Nicht für jemanden, der mit seiner Nikon seit 2008 heimlich Fotos davon macht, wie er jungen Frauen, die er zuvor betäubt haben soll, die Schlüpfer auszieht und an ihrem Intimbereich hantiert. Nicht für jemanden, der jungen Frauen Plugs einführt, Sexspielzeug zum Weiten von Körperöffnungen, PVC-, phthalatfrei, antibakteriell, angeblich um Blutgefäße besser sehen zu können. Und nicht für jemanden, der einige der Frauen mit dem Beruhigungsmittel im Blut noch heimfahren ließ. Nicht für jemanden, der von einer Studie sprach, die es offiziell nicht gab. Nicht für Heinz W.
Lautloseres Vorgehen hätte
die Frauen geschont
Die Frauen haben nichts mitbekommen. Allenfalls gibt es Erinnerungslücken, fehlende Tampons nach den Untersuchungen, das komische Gefühl des „Herumfummelns“, dass da etwas nicht richtig gewesen sein könnte, nicht schlüssige Erklärungen von W. Es ist paradox, aber traumatisiert wurden die Frauen erst durch die Ermittlungen der Staatsanwaltschaft, ohne die sie nie etwas erfahren hätten, nicht durch W.
Die Ermittler schlugen laut zu. Schnell hatte der Staatsanwalt die Zahl der Fotos zusammengezählt: Es kursierten Zahlen in Höhe von mehr als einer Million. Zur Anklage kommen nach Informationen dieser Zeitung etwa 90 Fotos. Mit einem öffentlichen Aufruf und einer Telefon-Hotline suchten die Ermittler nach angeblichen Opfern. Ein lautloseres Vorgehen hätte die Frauen geschont, heißt es auf Seiten der Verteidigung. Vor Gericht will er alles erklären, vor allem die medizinischen Details. Er bleibt dabei: Alles zu medizinischen Zwecken. „Könnte es nicht doch sein?“, fragt Klaus Bernsmann (68), einer seiner drei Verteidiger. W., ein besessener Forscher? Einer, der ungewöhnliche, ja verbotene Wege zu gehen bereit ist? Einer mit einer außergewöhnlichen Idee, die quer zur Schulmedizin liegt? Nirgends auf den Fotos und Filmen sei W. erregt, er trage Handschuhe und Kittel, tippe auf seinem Computer. Junge, schlanke Frauen mit dem Risiko von Thrombose in späteren Jahren? „Ein Forschungsloch“, sagen Experten – aber nicht laut. Die meisten Frauen waren seine Patientinnen, hatten Gefäßleiden. Also doch Wissenschaft anstatt sexuelle Befriedigung? Haben die Ermittler erschöpfend nach dieser Möglichkeit gesucht? W.s Anwälte hüllen sich in Schweigen. Aber es klingt nach einem klaren Nein. Die vor Gericht alles entscheidende Frage wird sein: Ging es wirklich um sexuelle Handlungen im Sinne des Strafgesetzbuches? Auch dazu schweigen die Anwälte.

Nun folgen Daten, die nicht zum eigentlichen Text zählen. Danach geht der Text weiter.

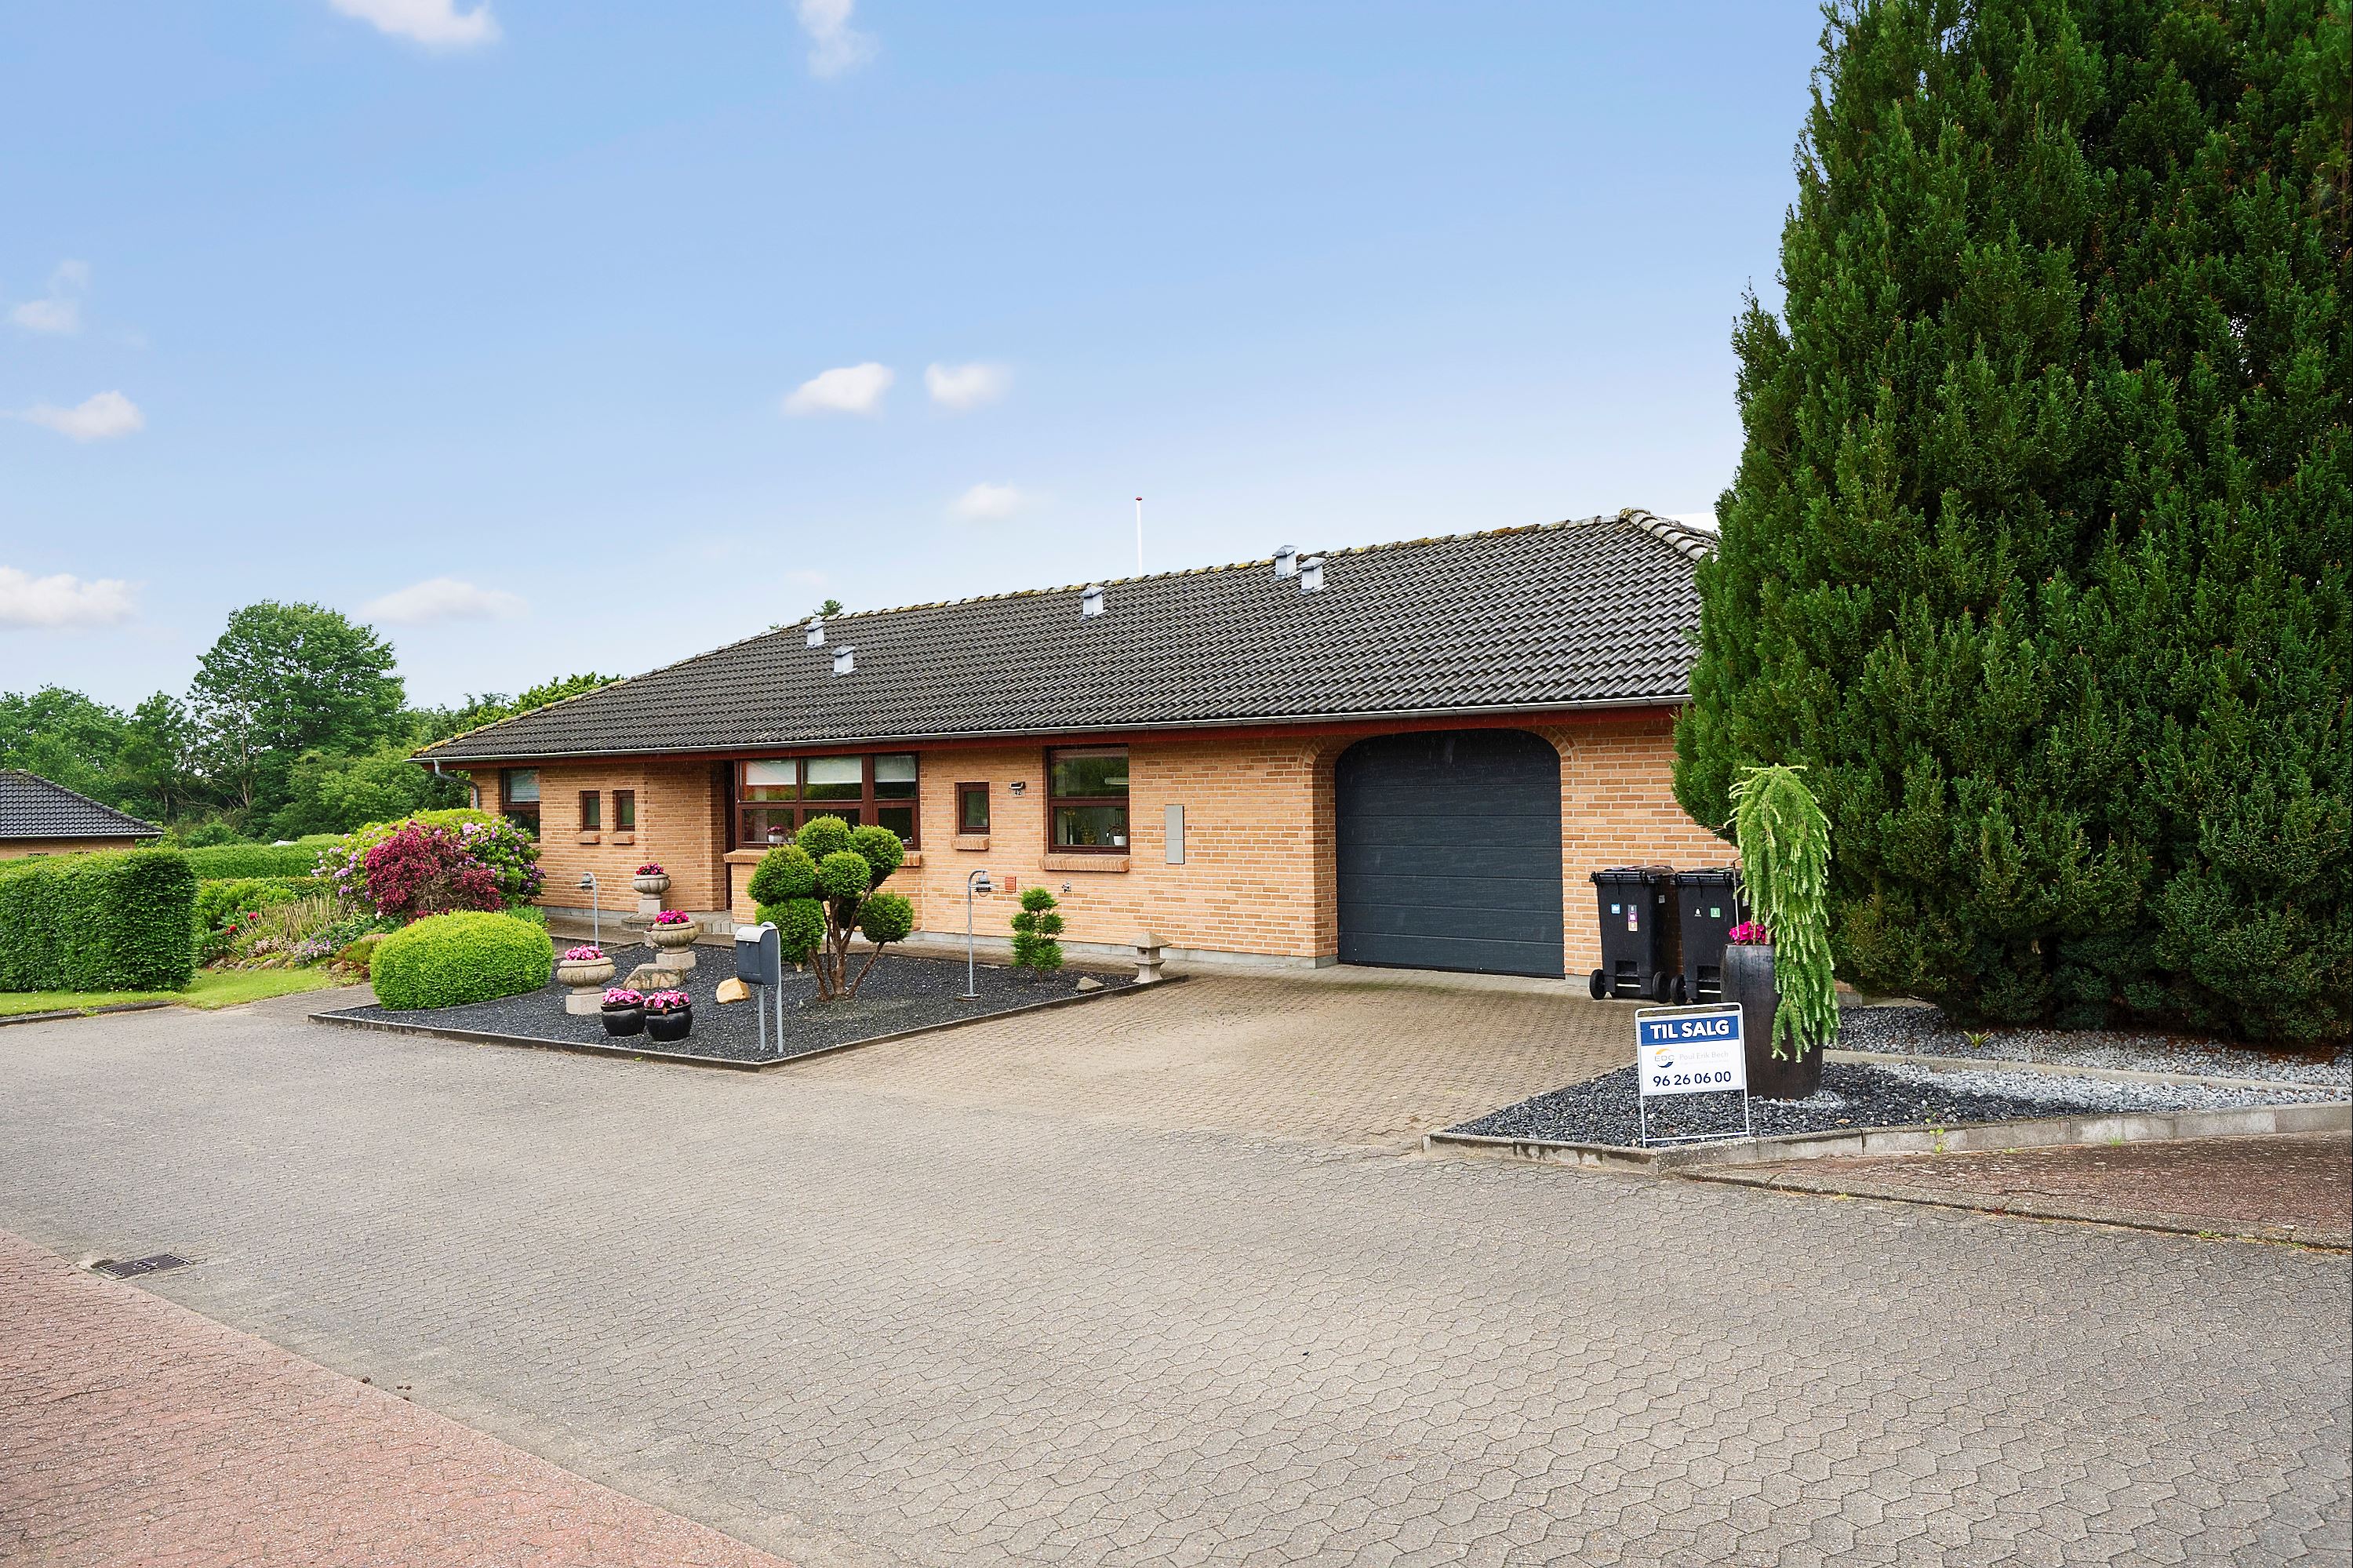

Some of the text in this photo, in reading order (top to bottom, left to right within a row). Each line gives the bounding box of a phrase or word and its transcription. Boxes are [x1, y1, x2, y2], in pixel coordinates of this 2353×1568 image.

[1650, 1020, 1729, 1039] TIL SALG
[1653, 1071, 1732, 1087] 96 26 06 00

W.s Frau, selbst Ärztin, hält zu ihm, besucht ihn regelmäßig in der Untersuchungshaft. Auf Anfrage dieser Zeitung widerspricht sie Trennungsgerüchten. Der Prozess, der am 7. April vor dem Landgericht Bamberg beginnt, wird weitgehend hinter verschlossenen Türen stattfinden. Die Frauen sollen geschützt werden in ihrer Intimsphäre. Um den Schutz von W. geht es längst nicht mehr.